USD/CAD is trading heavy under 1.4000 on broad USD weakness. Canada’s Q3 GDP report is the domestic highlight (1:30pm London). Consensus is looking for 1.1% SAAR real GDP growth vs. 2.1% in Q2. The Bank of Canada (BOC) has penciled-in growth of 1.2% SAAR in Q3 driven by household consumption and government spending. The monthly GDP print for September and the October estimate are also due today. Statistics Canada advance information indicates that real GDP increased 0.3% m/m in September.
We expect the BOC to deliver a follow-up 50bps rate cut in December because inflation is close to 2%, and inflationary pressures are no longer broad-based. Additionally, monetary policy remains too tight, heightening the downside risk to the economy. At 3.75%, the BOC policy rate remains above the bank’s nominal neutral interest rate estimate of 2.25% to 3.25%.
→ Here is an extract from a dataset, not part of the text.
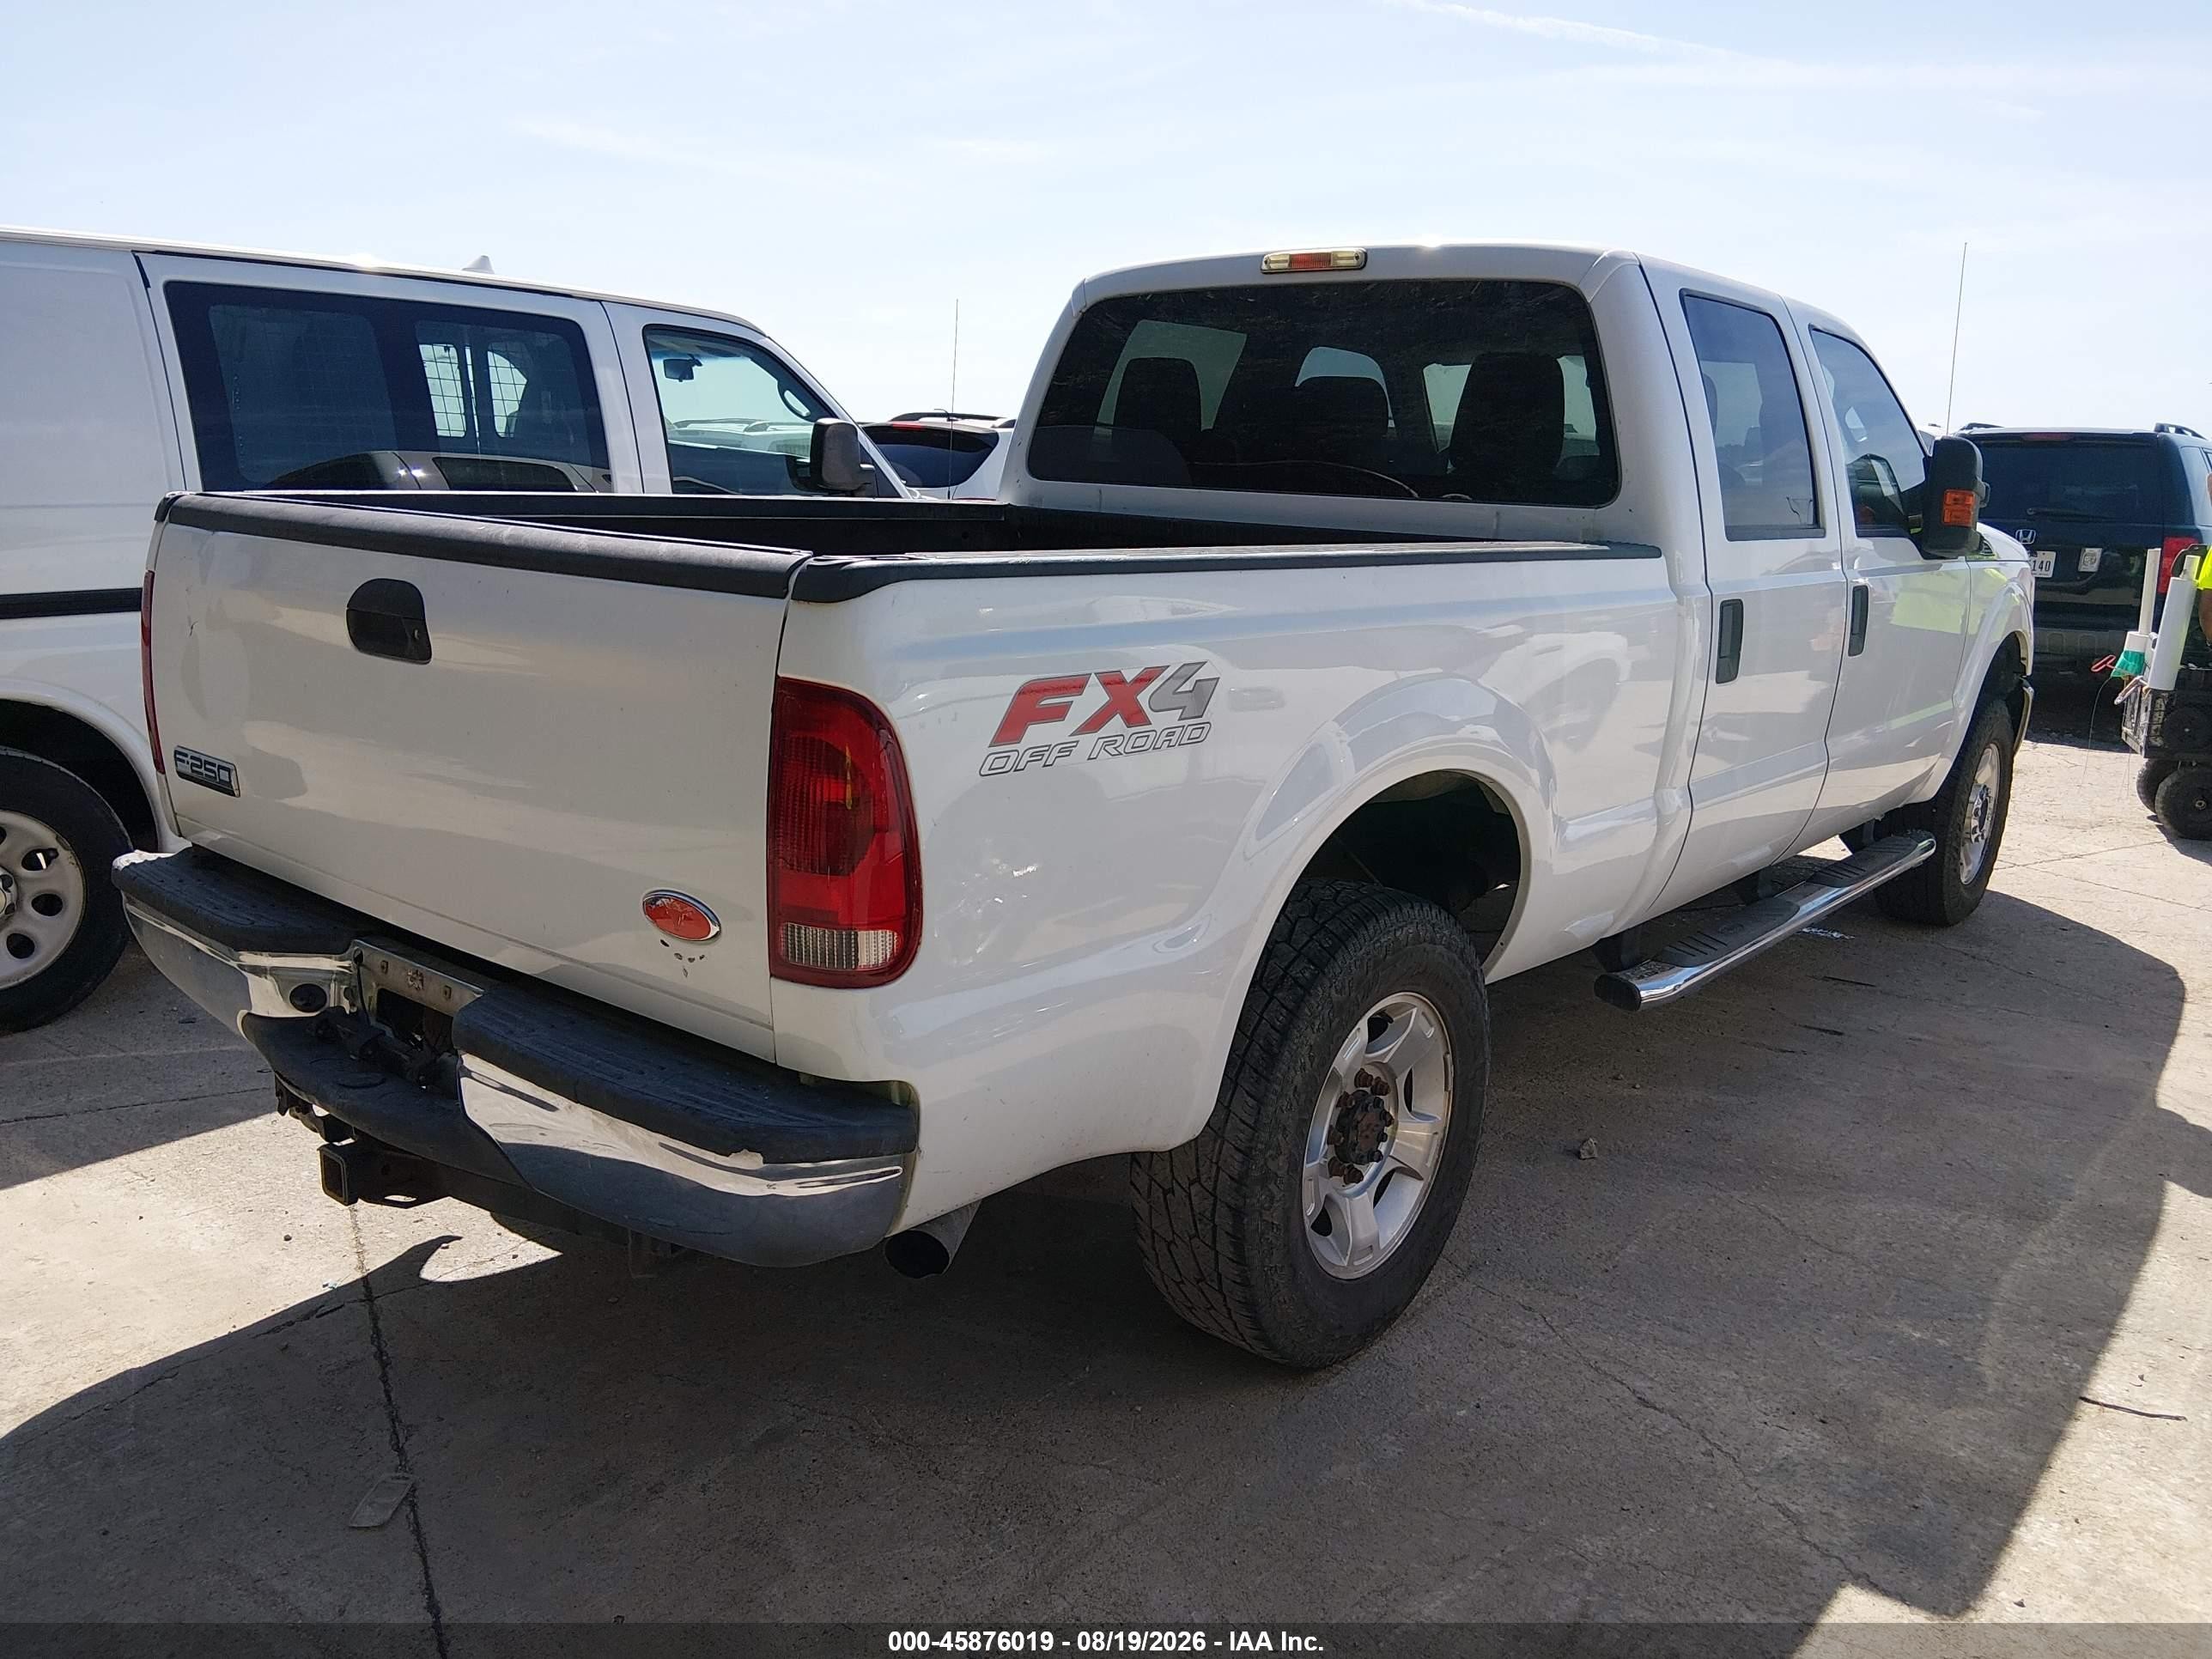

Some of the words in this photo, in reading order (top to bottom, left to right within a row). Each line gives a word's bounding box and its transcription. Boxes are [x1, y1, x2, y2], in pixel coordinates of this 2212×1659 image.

[988, 660, 1220, 748] FX4
[979, 739, 1079, 776] OFF
[1087, 722, 1212, 761] ROAD
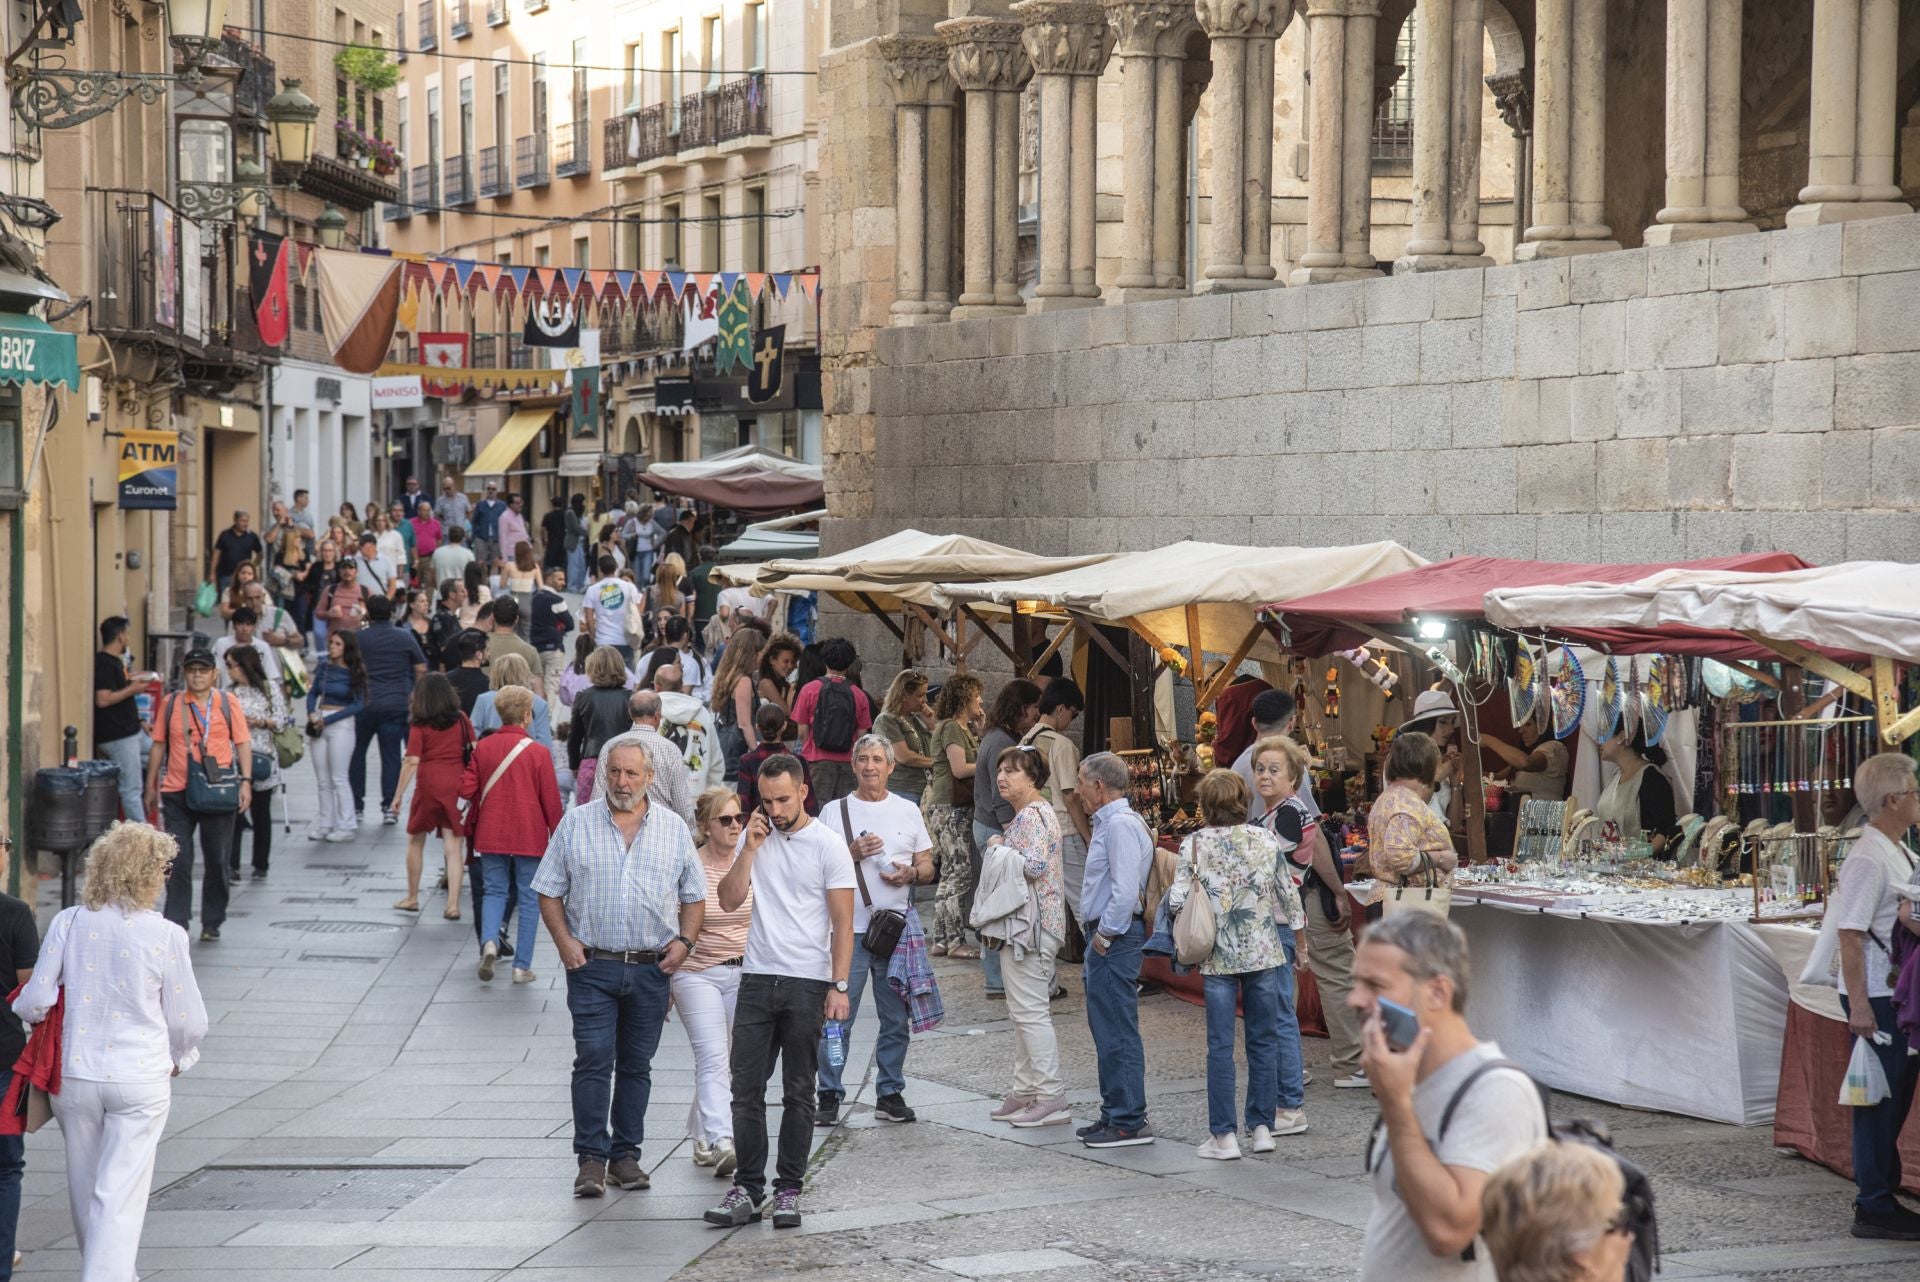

USD/CNH is trading near the lower end of a multi-day 7.2300-7.2700 range. Chinese stocks gained ground on renewed stimulus hope ahead of the government’s Central Economic Work Conference mid-December. China’s November PMI data is due tomorrow. Manufacturing is expected to rise a tick to 50.2 while non-manufacturing is expected to rise two ticks to 50.4. It’s hard to get excited about what is likely to be a short-term pickup in the economy following the unimpressive stimulus measures announced so far.
AUD/USD is firmer above 0.6500 underpinned in part by a recovery in iron prices and still hawkish RBA. Yesterday, RBA Governor Bullock signaled again that the bank is in no rush to start easing. Bullock noted “As it currently stands, underlying inflation is still too high to be considering lowering the cash rate target in the near term.” However, Bullock warned that if inflation falls more quickly than anticipated the RBA does not need to wait for inflation to be inside the target to cut rates.
NZD/USD edged higher on a more favorable New Zealand economic outlook. The ANZ consumer confidence index surged 9 points in November to 91.2, the highest since September 2021, driven by rises in both the current and future conditions indexes. Still, consumer confidence remains below the 20-year average of 114.0, leaving scope for the RBNZ to deliver another 50bps rate cut in February, as per its guidance.